The strength of the σ-, π- and δ-bonds in Re2Cl 8 2−

Abstract

The geometry of Re2Cl82− has been optimized for the eclipsed (D4h) equilibrium conformation and for the staggered (D4d) conformation at BP86/TZ2P. The nature of the Re–Re bond which has a formal bond order four has been studied with an energy decomposition analysis (EDA). The EDA investigation indicates that the contribution of the b2 (δxy) orbitals to the Re–Re bond in the \(^1A_{1g} (\delta^2\delta^{*^{0}})\) ground state is negligibly small. The vertical excitation of one and two electrons from the bonding δ orbital into the antibonding δ* orbitals yielding the singly and doubly excited states \(^1A_{1g} (\delta^1\delta^{*^{1}})\) and \(^1A_{1g}(\delta^0\delta^{*^{2}})\) gives a destabilization of 17.5 and 36.1 kcal/mol, respectively, which is nearly the same as the total excitation energies.
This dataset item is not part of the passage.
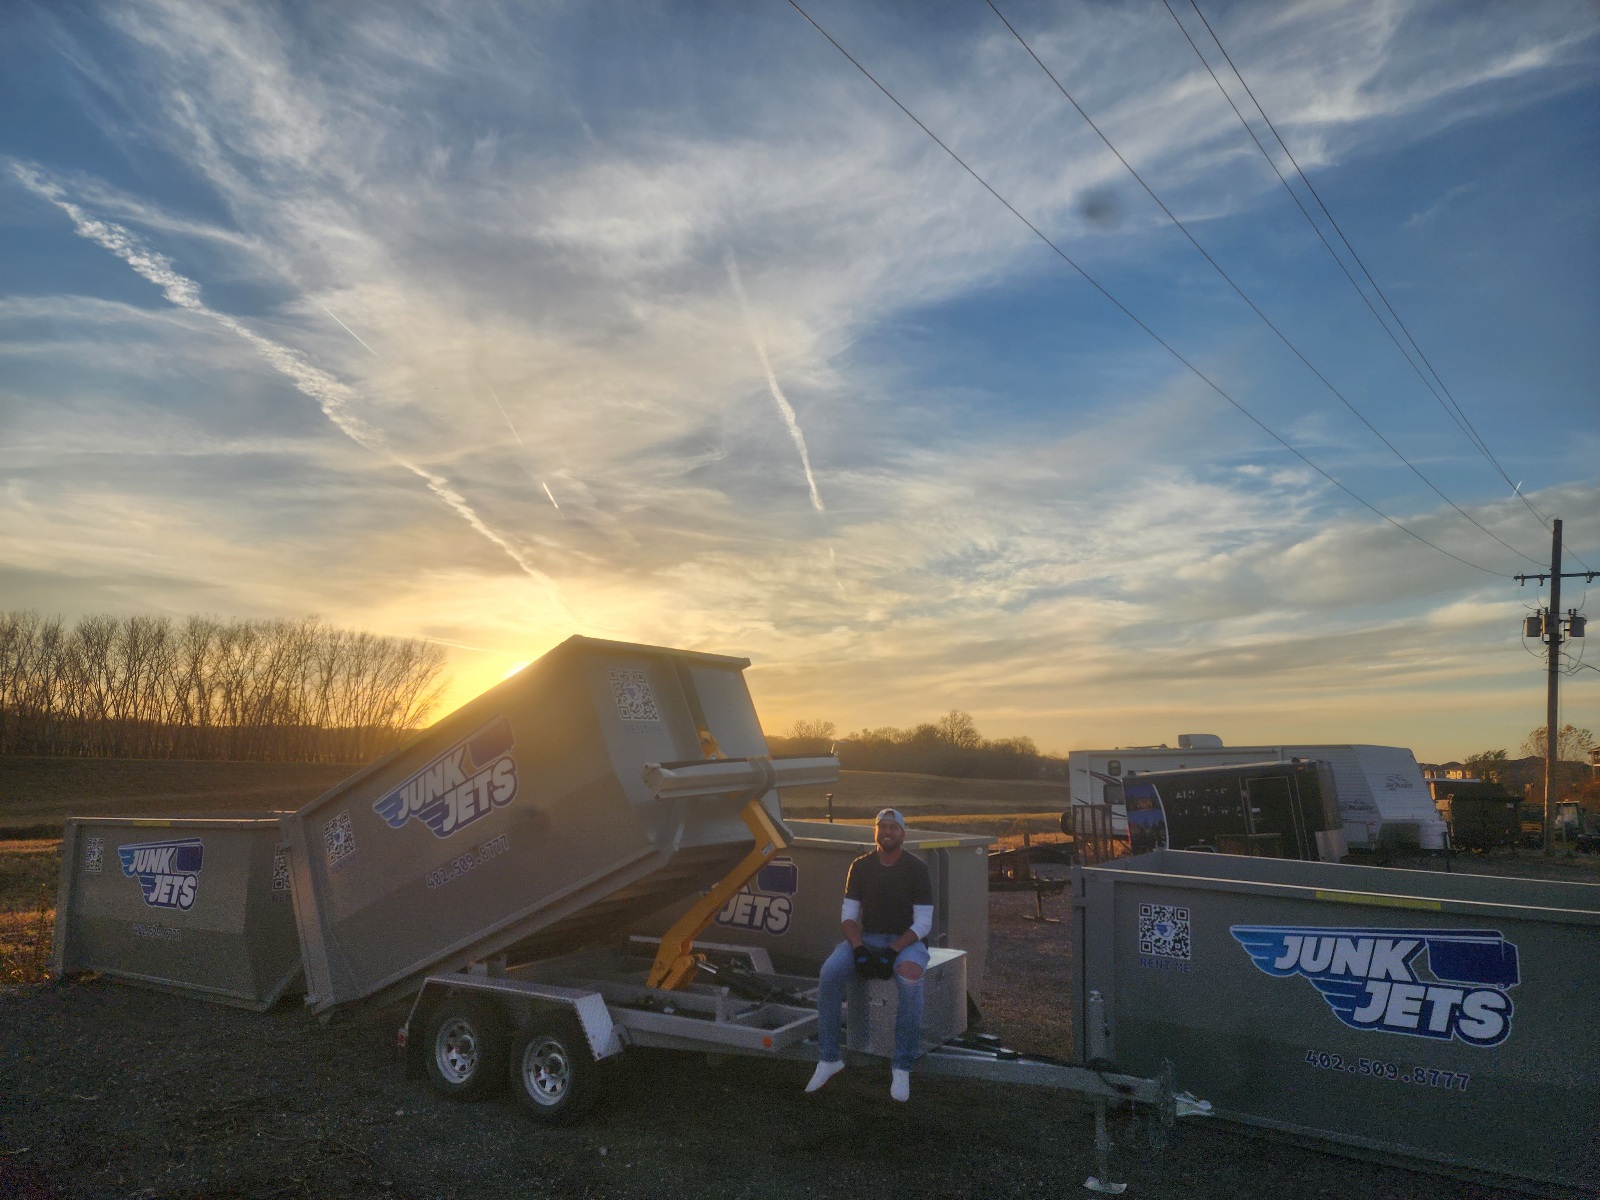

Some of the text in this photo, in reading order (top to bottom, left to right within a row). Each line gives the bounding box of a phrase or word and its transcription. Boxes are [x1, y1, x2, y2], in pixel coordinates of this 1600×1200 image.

The preference for the D4h geometry with eclipsing Re–Cl bonds is explained in terms of hyperconjugation rather than δ bonding. This is supported by the calculation of the triply bonded Re2Cl8 which also has an eclipsed energy minimum structure. The calculations also suggest that the Re–Re triple bond in Re2Cl8 is stronger than the Re–Re quadruple bond in Re2Cl82−. A negligible contribution of the δ orbital to the metal–metal bond strength is also calculated for Os2Cl8 which is isoelectronic with Re2Cl82−.